Word for word, copy out every line of the records, omitting each picture.

»»

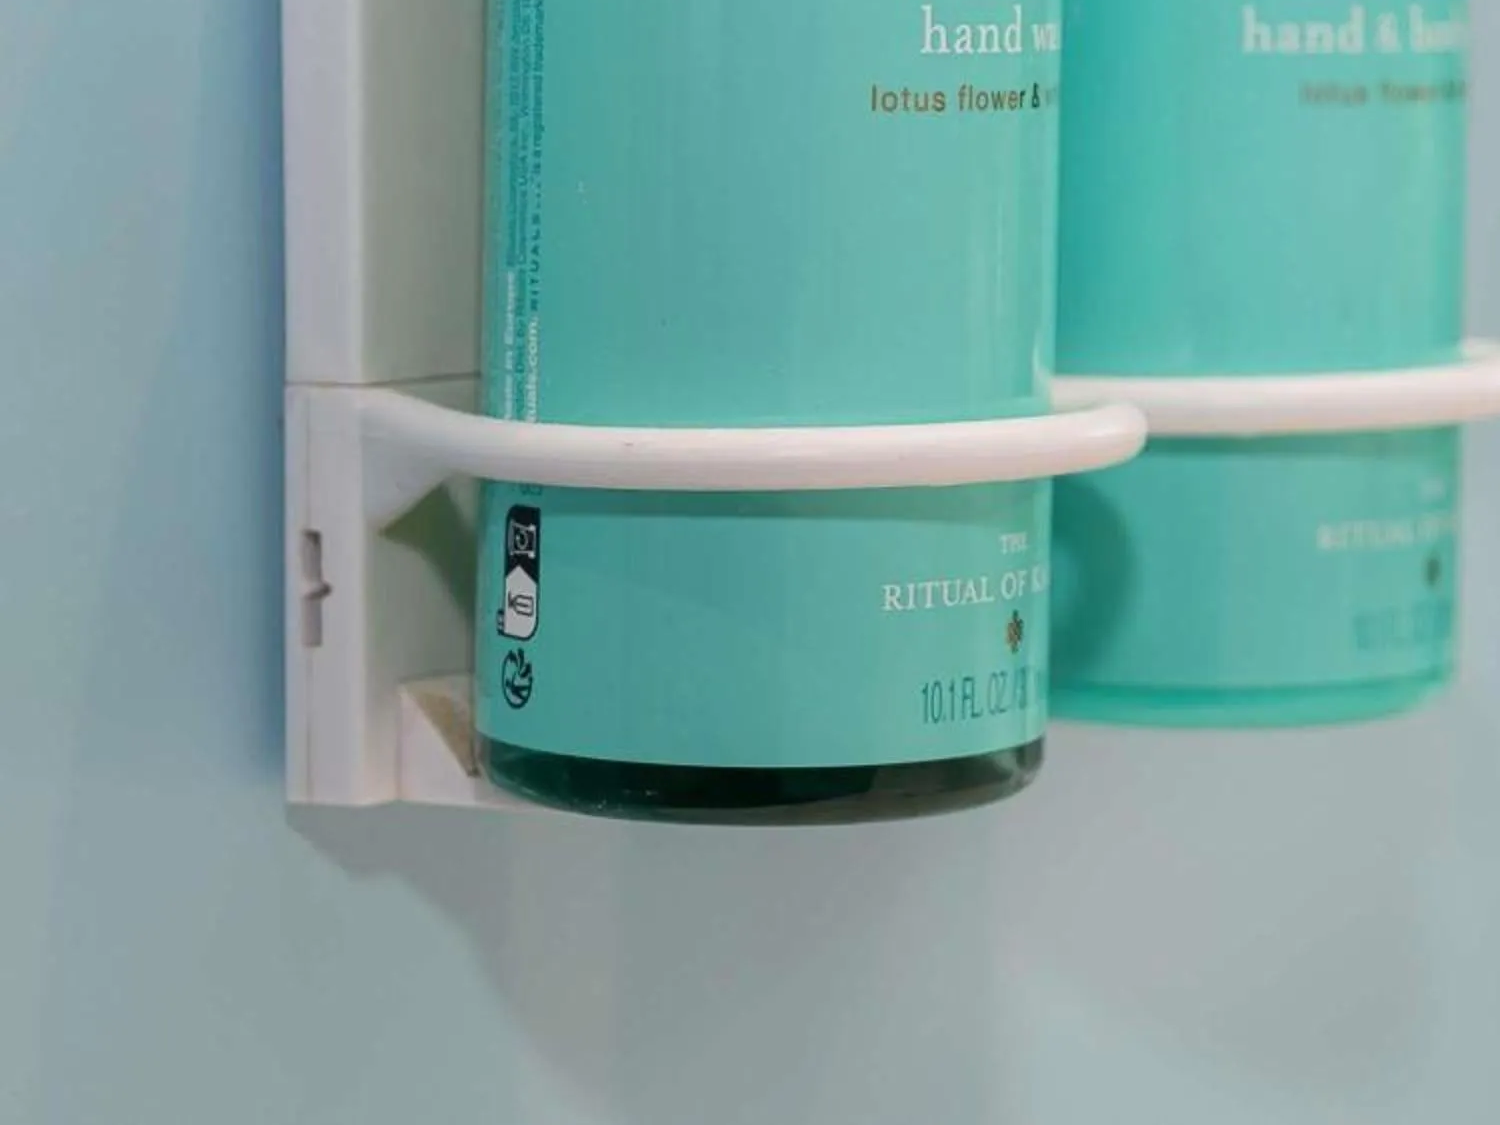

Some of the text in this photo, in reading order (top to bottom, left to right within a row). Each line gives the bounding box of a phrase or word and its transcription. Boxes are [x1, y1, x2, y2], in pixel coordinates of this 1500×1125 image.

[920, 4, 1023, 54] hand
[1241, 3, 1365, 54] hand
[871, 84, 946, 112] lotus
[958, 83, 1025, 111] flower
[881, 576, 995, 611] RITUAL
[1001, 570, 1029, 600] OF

««

_TASK RESPONSE_:
Some of the text in this photo, in reading order (top to bottom, left to right within a row). Each line gives the bounding box of a phrase or word and its transcription. Boxes are [x1, y1, x2, y2], in pixel coordinates of this 1500×1125 image.

[920, 4, 1023, 54] hand
[1241, 3, 1365, 54] hand
[871, 84, 946, 112] lotus
[958, 83, 1025, 111] flower
[881, 576, 995, 611] RITUAL
[1001, 570, 1029, 600] OF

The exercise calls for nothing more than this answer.